ROMA, giovedì, 1° luglio 2010 (ZENIT.org).- Facendo riferimento alle vicende che hanno caratterizzato la vita del beato Antonio Rosmini, il cardinale Angelo Bagnasco ha spiegato che “la fede, la ragione, il cuore” sono la via per dialogare con la modernità e per superare gli ostacoli e le incomprensioni dettate dalla secolarizzazione.

Giovedì primo luglio, a Stresa, nel corso dell’omelia pronunciata durante la celebrazione della santa messa, per il 155° anniversario del “Dies Natalis” del beato Antonio Rosmini, il Presidente della Conferenza Episcopale Italiana ha ricordato che “la via dell’incontro e del dialogo con la modernità, è ispirato da molte luci e aspirazioni comuni, ma che si è rivelato anche irto di ostacoli e precomprensioni non piccole e radicate”.

Per superare le difficoltà e le incomprensioni, l’Arcivescovo di Genova ha indicato la via della fede, della ragione e del cuore, come “ha voluto fare Rosmini attraverso un lungo e costante, esaltante e sofferto, itinerario di riflessione e di studio, ma innanzitutto di preghiera e di vita”.

“L’esperienza di Rosmini – ha precisato il porporato – suggerisce un’ulteriore condizione per colui che crede, pensa e dialoga: l’umiltà”, ed ha aggiunto “la sua vicenda è stata segnata anche da sofferenze e umiliazioni non piccole proprio da parte di coloro che egli amava nella fede”.

Come è noto, due dei migliori libri scritti da Rosmini “Le cinque piaghe della Chiesa” e “La costituzione secondo la giustizia sociale” vennero messi all’Indice.

Secondo il Cardinale Bagnasco, il modo con sui Rosmini reagì “attesta una umiltà profonda che si tradusse nella più completa obbedienza d’amore.
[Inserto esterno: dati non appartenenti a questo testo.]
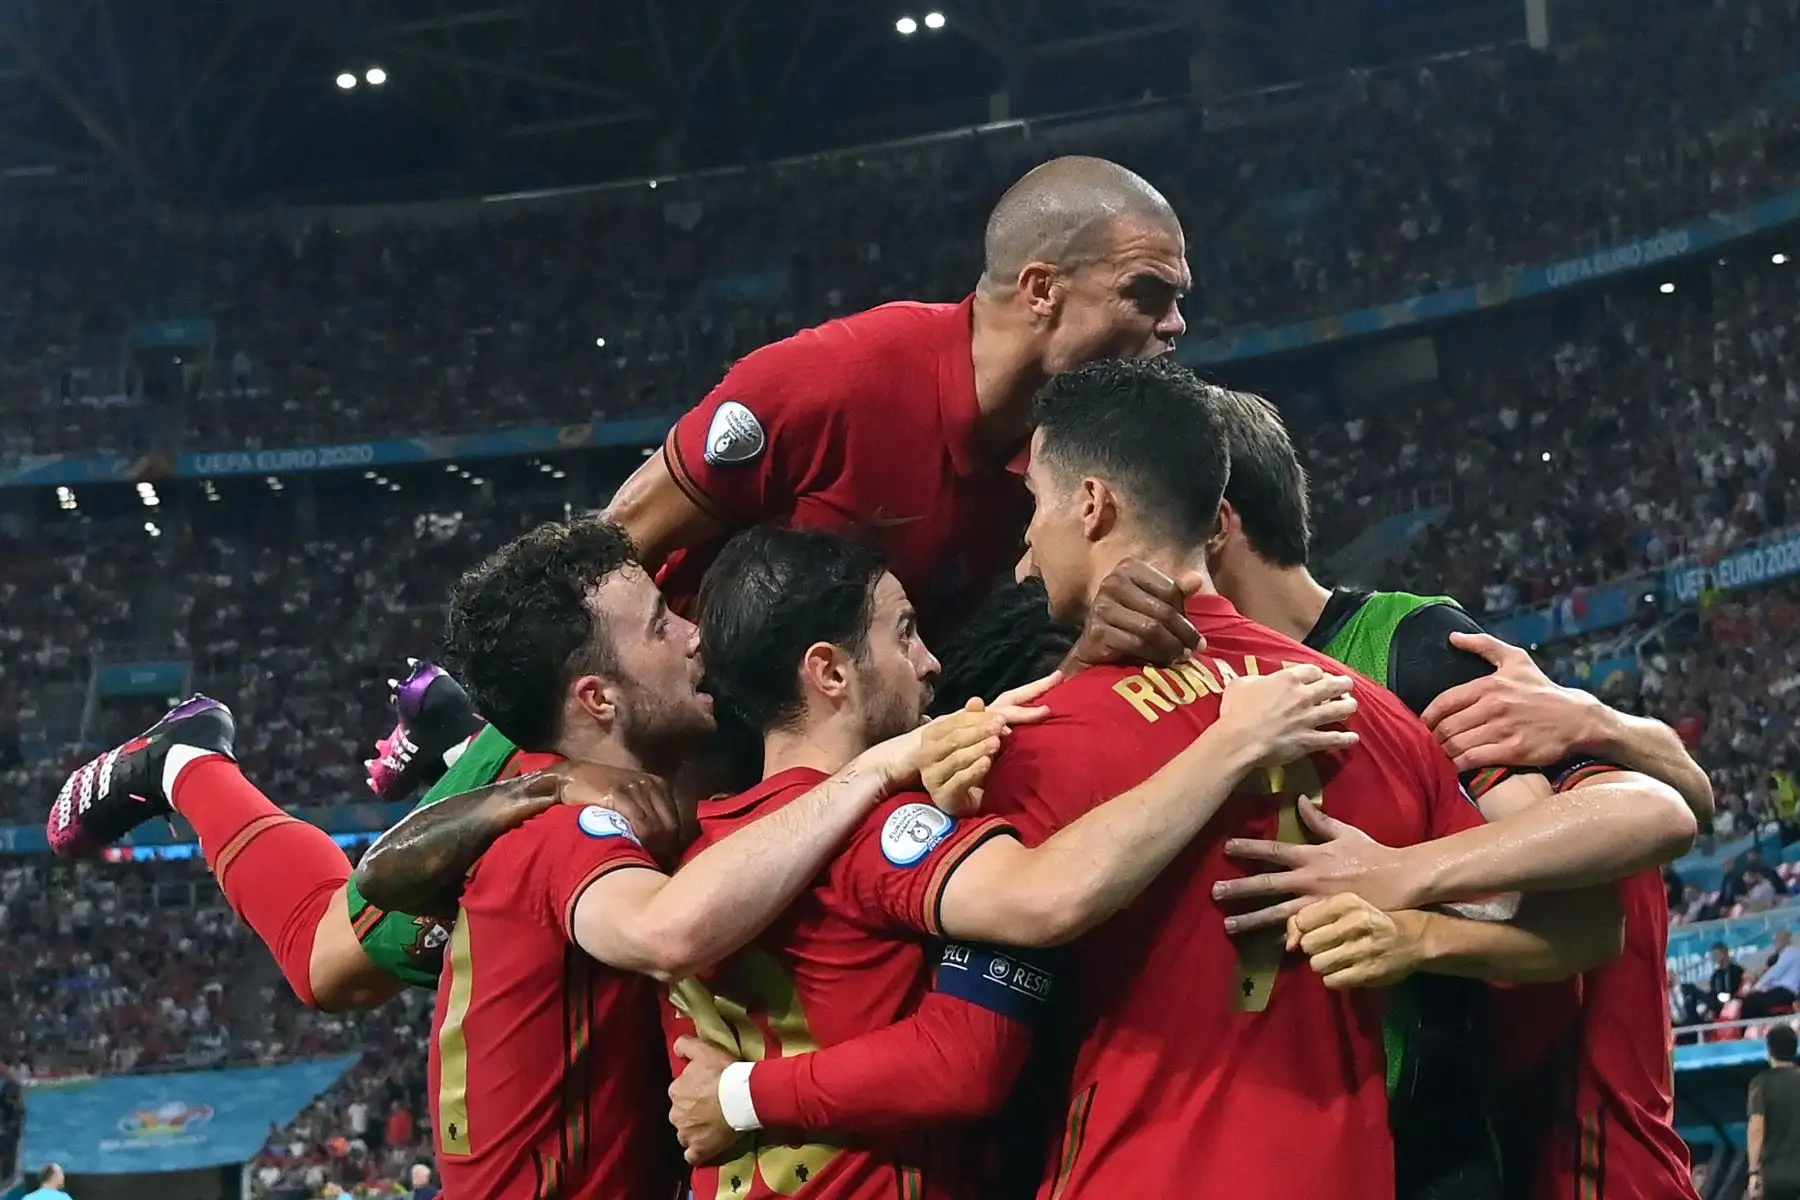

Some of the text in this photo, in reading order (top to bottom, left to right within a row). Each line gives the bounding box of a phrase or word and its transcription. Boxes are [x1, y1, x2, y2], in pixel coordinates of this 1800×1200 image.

[195, 444, 374, 474] UEFA EURO 2020
[1719, 550, 1764, 587] EURO
Tutto accettò con fiducia, fino al pieno riconoscimento dei suoi scritti, tanto da far esclamare a Pio IX: ‘Sia lodato Iddio, che manda di quando in quando di questi uomini per il bene della sua Chiesa’”.

“Sappiamo – ha sottolineato il porporato – che l’umiltà di Rosmini non nasceva da una scarsa consapevolezza di sé, ma da una vita che aveva un centro e da quel centro non si mosse mai, neppure nelle circostanze più difficili: il centro era Gesù, la consapevolezza che Lui guidava la sua vita sempre, anche quando i sentieri apparivano incomprensibili e tortuosi”.

Per il Cardinale Bagnasco, Rosmini assume l’amore divino come chiave di lettura non solo della sua vita, ma della storia e del cosmo.

Il Presidente della CEI ha ricordato che il Pontefice Benedetto XVI, fin dall’inizio del suo pontificato, ha affermato che il problema principe dell’ora presente in Occidente è la questione di Dio.

“Ebbene – ha sostenuto -, l’esempio del Rosmini, ci mostra che la fede muta la vita alla radice: non toglie responsabilità, pesi e croci, ma tutto illumina di senso e salva con la misericordia e con l’amore”.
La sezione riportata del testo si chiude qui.